The involvement of afferent nerve terminals in the stimulation of ion transport by bradykinin in rat isolated colon.

1. The actions of bradykinin (Bk) were investigated on rat colon epithelium preparations that had been stripped of the muscle layers. The electrogenic ion flux was monitored by measuring changes in the short circuit current (SCC) produced by addition of drugs. Bk, administered to the basolateral side, but not apical side, of the epithelium evoked an increase in SCC which was separable into two distinct components, both of which were mediated mainly by chloride efflux. 2. The early component was robust, reproducible and exhibited clear concentration-dependency with an EC50 of 6.2 nM. The second phase of the response exhibited a much slower time course than the first phase and diminished amplitude with repeated applications of Bk. 3. In preparations of unstripped epithelium, bradykinin (Bk) evoked mainly a slow neurogenic response which was attenuated or abolished by tetrodotoxin (TTX).

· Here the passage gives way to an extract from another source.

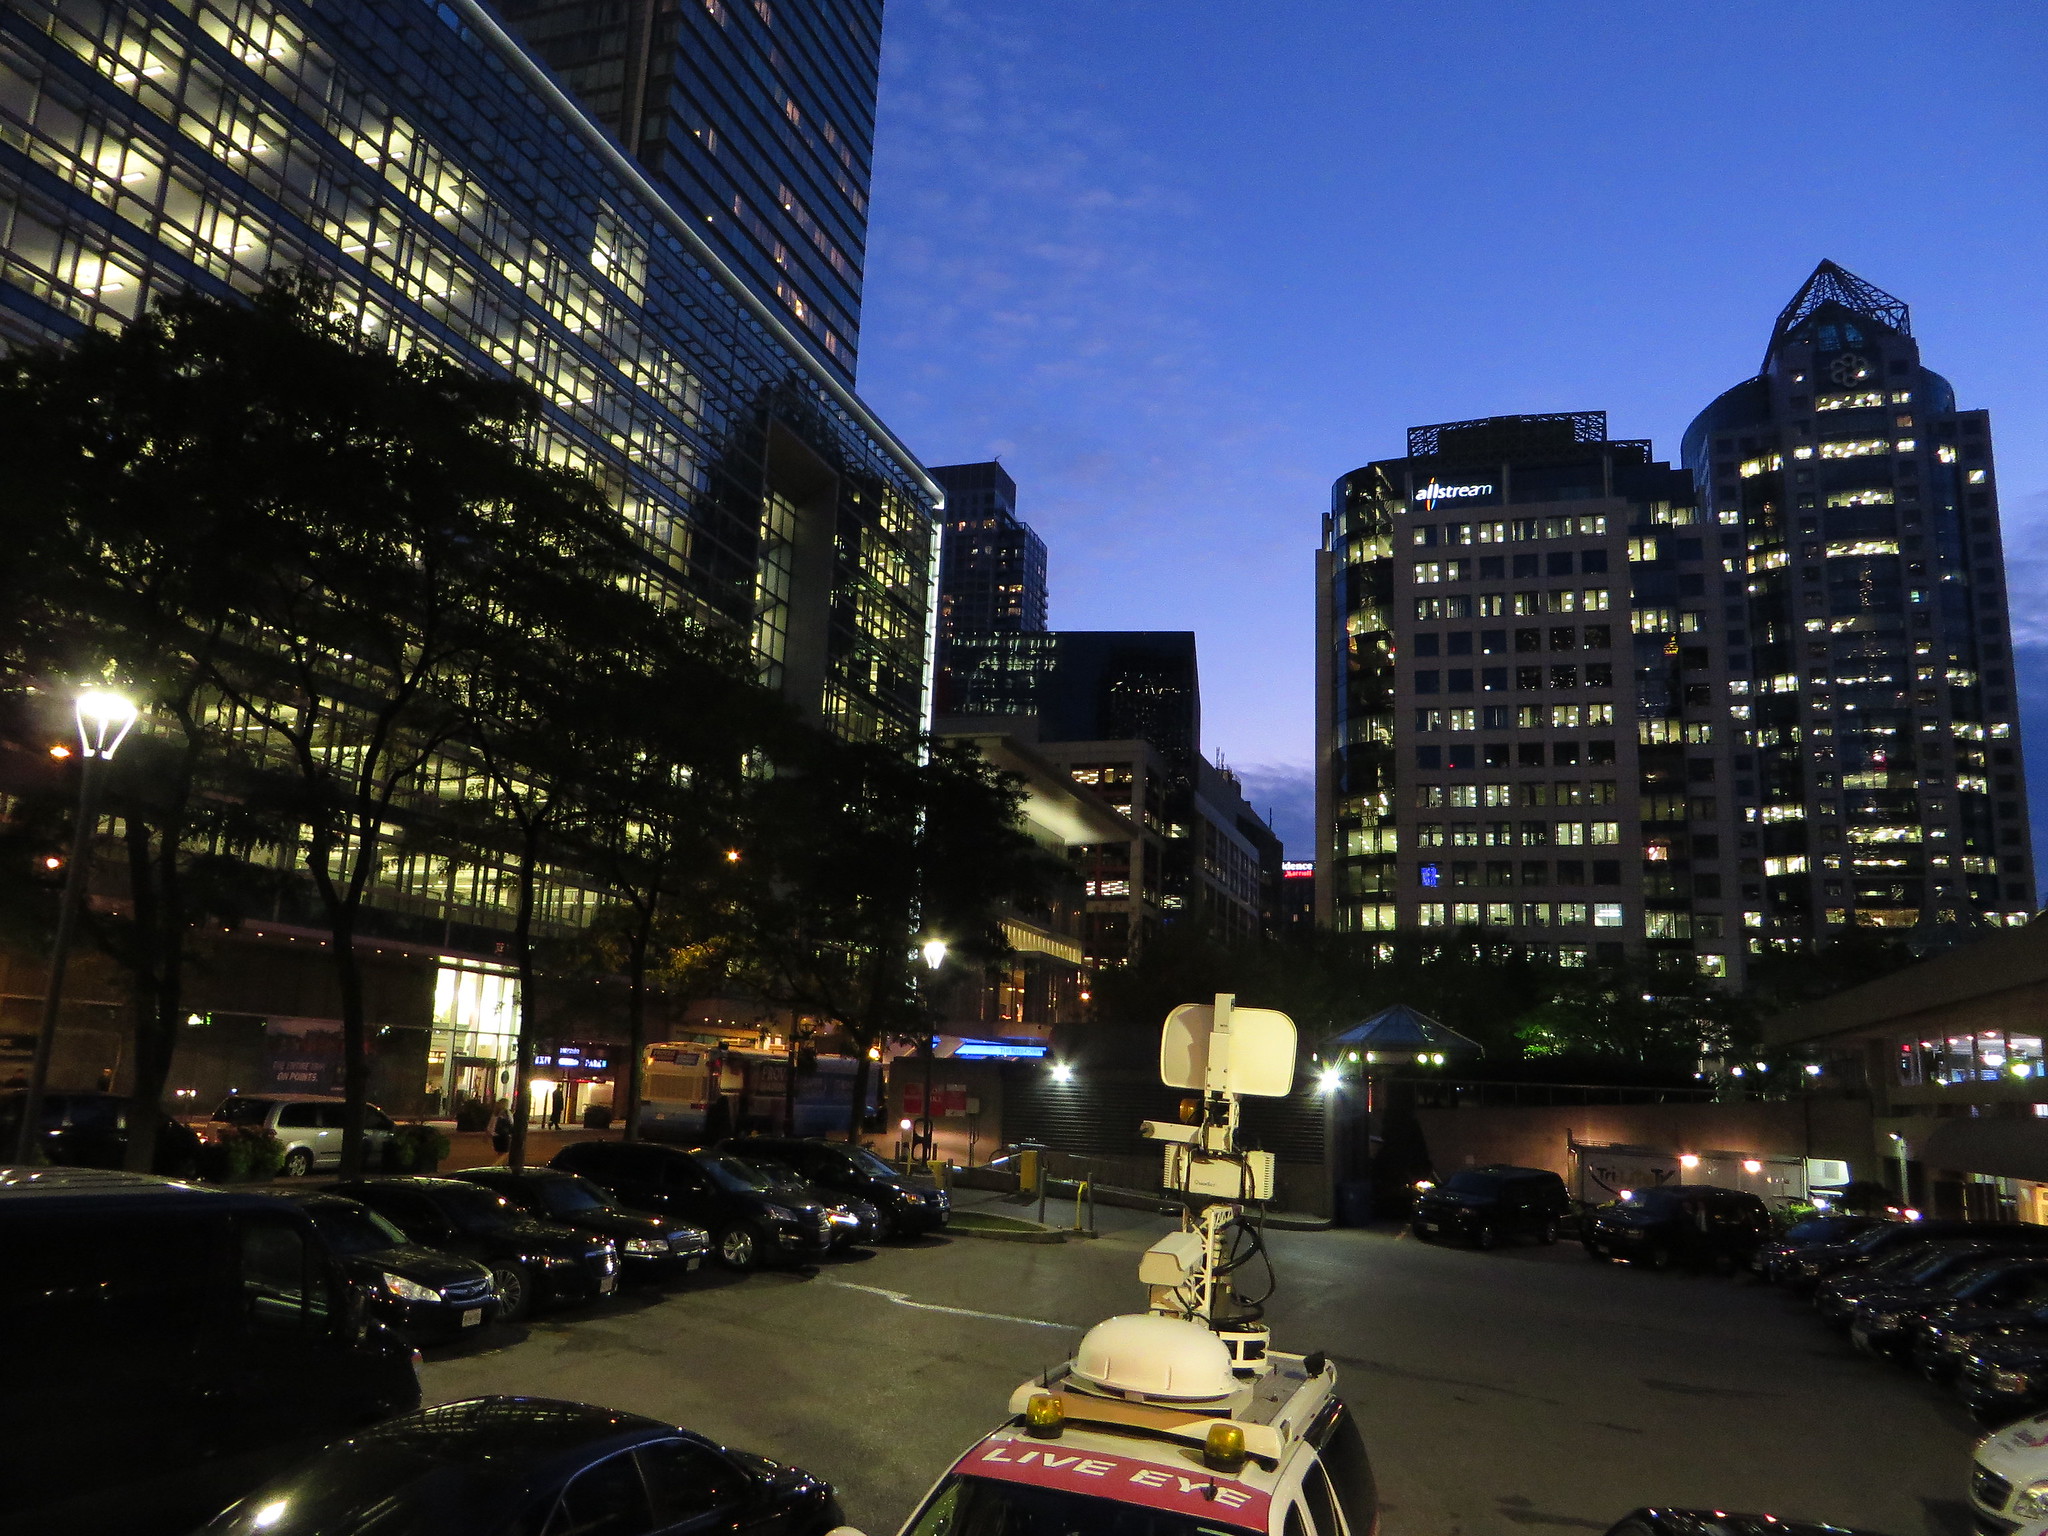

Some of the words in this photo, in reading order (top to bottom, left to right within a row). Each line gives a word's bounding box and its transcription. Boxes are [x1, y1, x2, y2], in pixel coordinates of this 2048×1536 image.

When the epithelium was stripped off, TTX had little effect either on the baseline SCC or on responses to Bk. 4. Perfusion with zero calcium solution did not affect the early phase but abolished the late phase of the Bk response. Verapamil (20 microM), but not nifedipine (20 microM), also attenuated the later phase of the response. 5. Capsaicin (2 microM) administered to the basolateral, but not the apical, side produced an increase in SCC. Following desensitization to capsaicin the second phase of the response to Bk was abolished with little effect on the initial response to Bk. 6. The data suggest that Bk increases the efflux of chloride ions across the colonic epithelium in at least two ways: (a) by an action on the epithelial cells and (b) by an action on neuronal elements within the epithelium. This latter effect of Bk is due to stimulation of capsaicin-sensitive nerve terminals within the mucosa of the colon epithelium causing the release of a mediator which is responsible for the second phase of the response to Bk.